● TASK DETAILS: Return every record verbatim.

● DATA RECORDS:
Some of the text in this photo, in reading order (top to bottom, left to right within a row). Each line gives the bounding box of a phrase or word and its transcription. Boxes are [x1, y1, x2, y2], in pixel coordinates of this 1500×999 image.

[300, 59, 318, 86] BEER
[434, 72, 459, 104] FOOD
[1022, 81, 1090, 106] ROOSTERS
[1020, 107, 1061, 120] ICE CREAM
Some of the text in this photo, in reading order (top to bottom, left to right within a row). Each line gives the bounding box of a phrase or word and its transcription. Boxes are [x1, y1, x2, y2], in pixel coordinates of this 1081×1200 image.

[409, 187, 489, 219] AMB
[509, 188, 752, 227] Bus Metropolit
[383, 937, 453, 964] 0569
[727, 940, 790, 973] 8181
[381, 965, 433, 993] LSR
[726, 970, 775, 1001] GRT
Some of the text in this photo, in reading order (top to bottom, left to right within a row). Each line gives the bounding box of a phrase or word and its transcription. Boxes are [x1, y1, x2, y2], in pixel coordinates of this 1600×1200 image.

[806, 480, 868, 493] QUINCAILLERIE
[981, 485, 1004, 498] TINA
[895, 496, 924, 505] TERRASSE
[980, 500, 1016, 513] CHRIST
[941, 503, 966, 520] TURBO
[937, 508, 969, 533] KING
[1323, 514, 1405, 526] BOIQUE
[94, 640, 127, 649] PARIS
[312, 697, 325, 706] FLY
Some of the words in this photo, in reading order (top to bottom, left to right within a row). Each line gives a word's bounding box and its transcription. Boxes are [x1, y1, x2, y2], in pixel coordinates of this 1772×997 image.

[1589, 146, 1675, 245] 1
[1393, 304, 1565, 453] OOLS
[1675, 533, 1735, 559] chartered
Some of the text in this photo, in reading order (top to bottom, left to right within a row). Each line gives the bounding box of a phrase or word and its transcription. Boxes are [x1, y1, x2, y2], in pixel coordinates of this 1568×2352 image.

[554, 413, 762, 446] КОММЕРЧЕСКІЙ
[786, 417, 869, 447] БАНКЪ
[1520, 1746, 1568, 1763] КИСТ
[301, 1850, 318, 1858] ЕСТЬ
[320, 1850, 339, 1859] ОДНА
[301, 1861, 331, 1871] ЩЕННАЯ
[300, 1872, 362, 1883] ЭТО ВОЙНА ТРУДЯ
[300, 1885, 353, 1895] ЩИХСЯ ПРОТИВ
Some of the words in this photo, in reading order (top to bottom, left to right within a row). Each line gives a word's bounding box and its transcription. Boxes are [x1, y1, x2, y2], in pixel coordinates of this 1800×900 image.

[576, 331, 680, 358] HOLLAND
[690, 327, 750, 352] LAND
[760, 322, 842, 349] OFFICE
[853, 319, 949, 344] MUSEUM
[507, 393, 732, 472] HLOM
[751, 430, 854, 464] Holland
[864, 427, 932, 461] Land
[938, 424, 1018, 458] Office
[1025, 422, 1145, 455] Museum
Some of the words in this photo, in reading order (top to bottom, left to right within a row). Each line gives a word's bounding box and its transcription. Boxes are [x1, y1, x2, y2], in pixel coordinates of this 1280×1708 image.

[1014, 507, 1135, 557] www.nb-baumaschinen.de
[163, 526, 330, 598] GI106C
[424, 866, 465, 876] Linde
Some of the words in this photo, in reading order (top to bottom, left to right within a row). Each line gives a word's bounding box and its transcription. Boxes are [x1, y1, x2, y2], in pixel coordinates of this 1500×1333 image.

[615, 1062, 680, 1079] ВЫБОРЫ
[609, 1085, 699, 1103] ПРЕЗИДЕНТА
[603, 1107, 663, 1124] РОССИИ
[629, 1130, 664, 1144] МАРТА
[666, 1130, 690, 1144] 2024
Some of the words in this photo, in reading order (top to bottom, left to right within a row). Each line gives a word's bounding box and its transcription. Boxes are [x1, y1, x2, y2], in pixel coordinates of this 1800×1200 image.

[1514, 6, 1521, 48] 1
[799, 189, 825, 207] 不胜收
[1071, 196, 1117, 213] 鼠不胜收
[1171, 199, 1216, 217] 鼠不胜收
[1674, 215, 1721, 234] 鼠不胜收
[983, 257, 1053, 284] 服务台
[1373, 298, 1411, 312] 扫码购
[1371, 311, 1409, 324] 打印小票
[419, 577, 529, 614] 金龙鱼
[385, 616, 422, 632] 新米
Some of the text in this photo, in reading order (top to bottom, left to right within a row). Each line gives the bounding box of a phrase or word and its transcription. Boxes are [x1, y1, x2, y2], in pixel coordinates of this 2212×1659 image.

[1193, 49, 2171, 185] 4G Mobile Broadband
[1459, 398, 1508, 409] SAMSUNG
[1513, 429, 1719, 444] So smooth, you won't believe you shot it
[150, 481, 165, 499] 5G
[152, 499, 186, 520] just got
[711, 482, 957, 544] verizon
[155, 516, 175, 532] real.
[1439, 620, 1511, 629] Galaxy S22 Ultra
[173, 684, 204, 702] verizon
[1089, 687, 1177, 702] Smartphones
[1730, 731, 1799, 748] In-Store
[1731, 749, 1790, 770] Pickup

● REPLY:
Some of the text in this photo, in reading order (top to bottom, left to right within a row). Each line gives the bounding box of a phrase or word and its transcription. Boxes are [x1, y1, x2, y2], in pixel coordinates of this 1500×999 image.

[300, 59, 318, 86] BEER
[434, 72, 459, 104] FOOD
[1022, 81, 1090, 106] ROOSTERS
[1020, 107, 1061, 120] ICE CREAM
Some of the text in this photo, in reading order (top to bottom, left to right within a row). Each line gives the bounding box of a phrase or word and its transcription. Boxes are [x1, y1, x2, y2], in pixel coordinates of this 1081×1200 image.

[409, 187, 489, 219] AMB
[509, 188, 752, 227] Bus Metropolit
[383, 937, 453, 964] 0569
[727, 940, 790, 973] 8181
[381, 965, 433, 993] LSR
[726, 970, 775, 1001] GRT
Some of the text in this photo, in reading order (top to bottom, left to right within a row). Each line gives the bounding box of a phrase or word and its transcription. Boxes are [x1, y1, x2, y2], in pixel coordinates of this 1600×1200 image.

[806, 480, 868, 493] QUINCAILLERIE
[981, 485, 1004, 498] TINA
[895, 496, 924, 505] TERRASSE
[980, 500, 1016, 513] CHRIST
[941, 503, 966, 520] TURBO
[937, 508, 969, 533] KING
[1323, 514, 1405, 526] BOIQUE
[94, 640, 127, 649] PARIS
[312, 697, 325, 706] FLY
Some of the words in this photo, in reading order (top to bottom, left to right within a row). Each line gives a word's bounding box and its transcription. Boxes are [x1, y1, x2, y2], in pixel coordinates of this 1772×997 image.

[1589, 146, 1675, 245] 1
[1393, 304, 1565, 453] OOLS
[1675, 533, 1735, 559] chartered
Some of the text in this photo, in reading order (top to bottom, left to right within a row). Each line gives the bounding box of a phrase or word and its transcription. Boxes are [x1, y1, x2, y2], in pixel coordinates of this 1568×2352 image.

[554, 413, 762, 446] КОММЕРЧЕСКІЙ
[786, 417, 869, 447] БАНКЪ
[1520, 1746, 1568, 1763] КИСТ
[301, 1850, 318, 1858] ЕСТЬ
[320, 1850, 339, 1859] ОДНА
[301, 1861, 331, 1871] ЩЕННАЯ
[300, 1872, 362, 1883] ЭТО ВОЙНА ТРУДЯ
[300, 1885, 353, 1895] ЩИХСЯ ПРОТИВ
Some of the words in this photo, in reading order (top to bottom, left to right within a row). Each line gives a word's bounding box and its transcription. Boxes are [x1, y1, x2, y2], in pixel coordinates of this 1800×900 image.

[576, 331, 680, 358] HOLLAND
[690, 327, 750, 352] LAND
[760, 322, 842, 349] OFFICE
[853, 319, 949, 344] MUSEUM
[507, 393, 732, 472] HLOM
[751, 430, 854, 464] Holland
[864, 427, 932, 461] Land
[938, 424, 1018, 458] Office
[1025, 422, 1145, 455] Museum
Some of the words in this photo, in reading order (top to bottom, left to right within a row). Each line gives a word's bounding box and its transcription. Boxes are [x1, y1, x2, y2], in pixel coordinates of this 1280×1708 image.

[1014, 507, 1135, 557] www.nb-baumaschinen.de
[163, 526, 330, 598] GI106C
[424, 866, 465, 876] Linde
Some of the words in this photo, in reading order (top to bottom, left to right within a row). Each line gives a word's bounding box and its transcription. Boxes are [x1, y1, x2, y2], in pixel coordinates of this 1500×1333 image.

[615, 1062, 680, 1079] ВЫБОРЫ
[609, 1085, 699, 1103] ПРЕЗИДЕНТА
[603, 1107, 663, 1124] РОССИИ
[629, 1130, 664, 1144] МАРТА
[666, 1130, 690, 1144] 2024
Some of the words in this photo, in reading order (top to bottom, left to right within a row). Each line gives a word's bounding box and its transcription. Boxes are [x1, y1, x2, y2], in pixel coordinates of this 1800×1200 image.

[1514, 6, 1521, 48] 1
[799, 189, 825, 207] 不胜收
[1071, 196, 1117, 213] 鼠不胜收
[1171, 199, 1216, 217] 鼠不胜收
[1674, 215, 1721, 234] 鼠不胜收
[983, 257, 1053, 284] 服务台
[1373, 298, 1411, 312] 扫码购
[1371, 311, 1409, 324] 打印小票
[419, 577, 529, 614] 金龙鱼
[385, 616, 422, 632] 新米
Some of the text in this photo, in reading order (top to bottom, left to right within a row). Each line gives the bounding box of a phrase or word and its transcription. Boxes are [x1, y1, x2, y2], in pixel coordinates of this 2212×1659 image.

[1193, 49, 2171, 185] 4G Mobile Broadband
[1459, 398, 1508, 409] SAMSUNG
[1513, 429, 1719, 444] So smooth, you won't believe you shot it
[150, 481, 165, 499] 5G
[152, 499, 186, 520] just got
[711, 482, 957, 544] verizon
[155, 516, 175, 532] real.
[1439, 620, 1511, 629] Galaxy S22 Ultra
[173, 684, 204, 702] verizon
[1089, 687, 1177, 702] Smartphones
[1730, 731, 1799, 748] In-Store
[1731, 749, 1790, 770] Pickup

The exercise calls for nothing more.